On Monday, the Major League Baseball draft begins. The lives of hundreds of young amateur players and, hopefully, the fortunes of the major league clubs will improve.
Among the four major sports, baseball’s draft ranks third behind football and basketball in order of media attention. Only hockey receives less.
With the NBA Finals now underway, it is appropriate to point out how the league could learn a few things from baseball in the area of draft eligibility. The “one-and-done” legion of high school basketball phenoms dropping by a major college for one year on their way to the NBA makes a mockery of not only college basketball, but college itself.
Kentucky has turned this into a complete joke. Duke is trying to emulate the Wildcats’ model.
The one-year wonders do not belong in college. They need to be drafted into the NBA after high school and begin their physical and mental development for the rigors of professional basketball.
It used to be that way. LeBron James went straight to the NBA and developed into the best player in the world. Miami and Cleveland will attest to that. Several others took the same route. His teammate on the Cavaliers, Kyrie Irving, is an example of the current draft structure.
While basketball has a Developmental League for young players, the colleges are serving an even greater role as an NBA farm system. Baseball, which developed the farm system years ago, does it the right way.
When the baseball draft concludes on Wednesday, high school players will have a choice.
If they are not satisfied with either the team that drafted them, or the money offered to sign, they can enter college. They have their greatest amount of leverage at this time.
Should that player choose not to sign a contract, they can enter college. Once he enters college and joins his college team, he is not again eligible for the draft again until after his junior season or turns 21.

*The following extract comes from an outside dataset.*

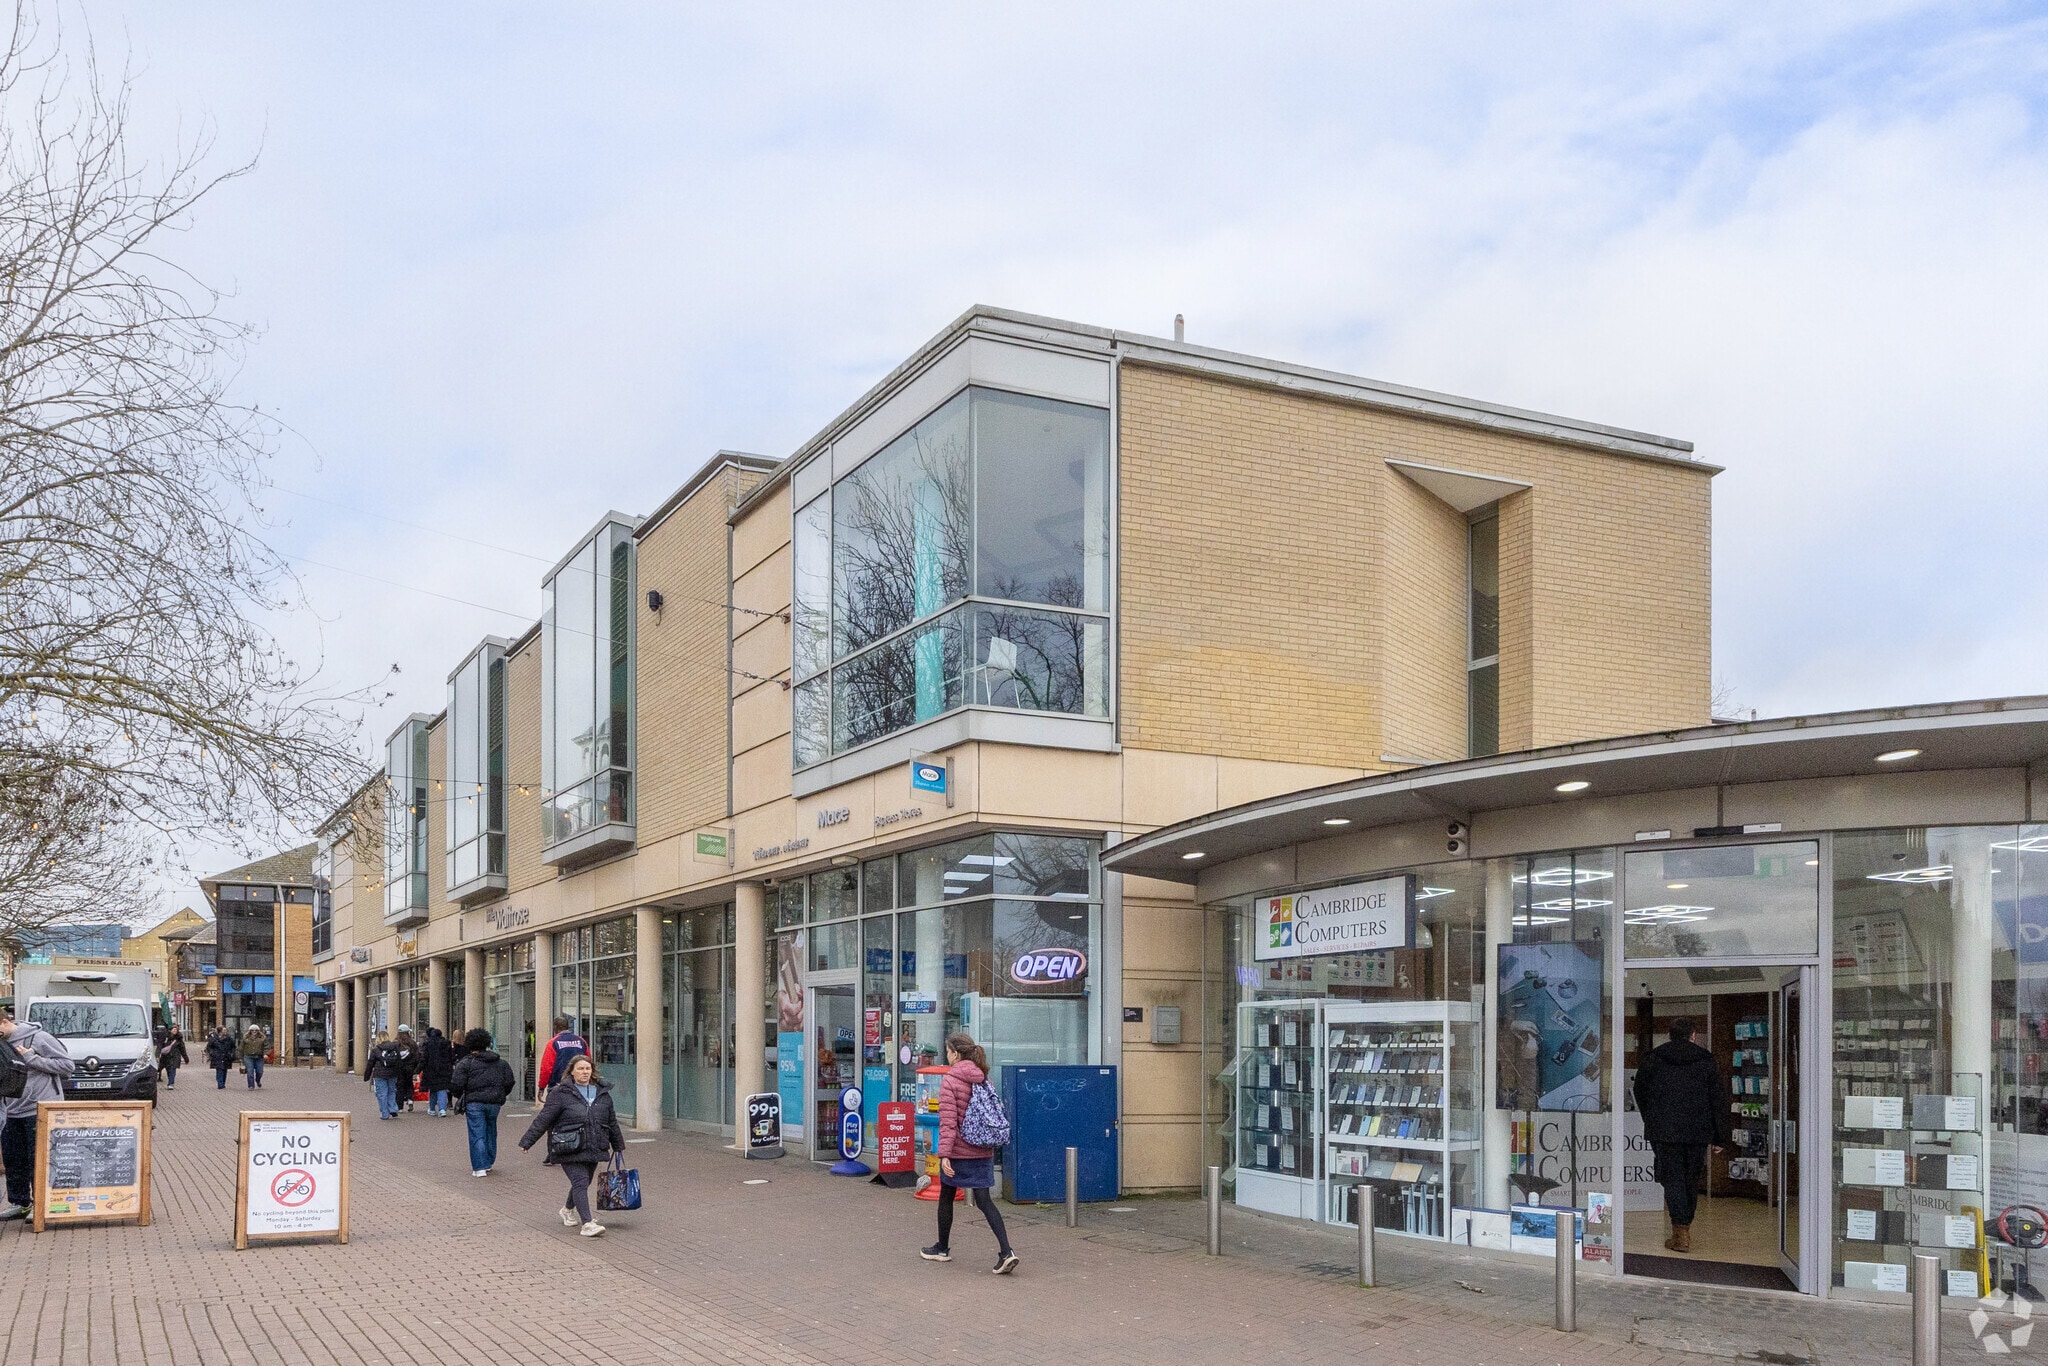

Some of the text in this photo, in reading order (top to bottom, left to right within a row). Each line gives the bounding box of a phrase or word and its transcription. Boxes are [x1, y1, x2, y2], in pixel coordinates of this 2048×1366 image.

This provides a great deal of stability for college baseball while quality players can develop their skills and actually have some time to learn a few things in class. Now that college baseball’s metal bats are not as lively in years past, the player’s hitting ability is more accurate.
The NBA is quick to blame the players’ union for the inability to return to the era of high school player draft eligibility. Suggestion: When the next collective bargaining agreement comes up in 2017, bargain with the union.
The union will clearly want more money for established players. To help counter that, the league could save some serious cash by drafting a high school graduate than one who earned national recognition by playing at Kentucky or Duke for one highly publicized year.
Who thinks the New Orleans Pelicans’ Anthony Davis could have commanded anywhere near the same contract coming out of high school in Chicago, as opposed to winning a national championship during one season at Kentucky and having Bradenton’s Dick Vitale go gaga (justifiably) over him every day on ESPN?
Sorry, NBA, but your argument is a flaming red herring.
A good example of how the baseball draft works can be found in Tampa. Plant High School outfielder Kyle Tucker is a “can’t miss” prospect likely to be drafted in the first 10 picks.
If so, he is almost certain to sign a professional contract. If he somehow falls to later picks in the first round or is unsatisfied with the club’s offer, it is possible he could postpone his major league dreams and play for the University of Florida for three years.
While not wishing anything bad for Tucker, Gator coach Kevin O’Sullivan wouldn’t be heartbroken to have Tucker show up in Gainesville this fall as his second choice.
Professional and college basketball would be much better off to follow such a model.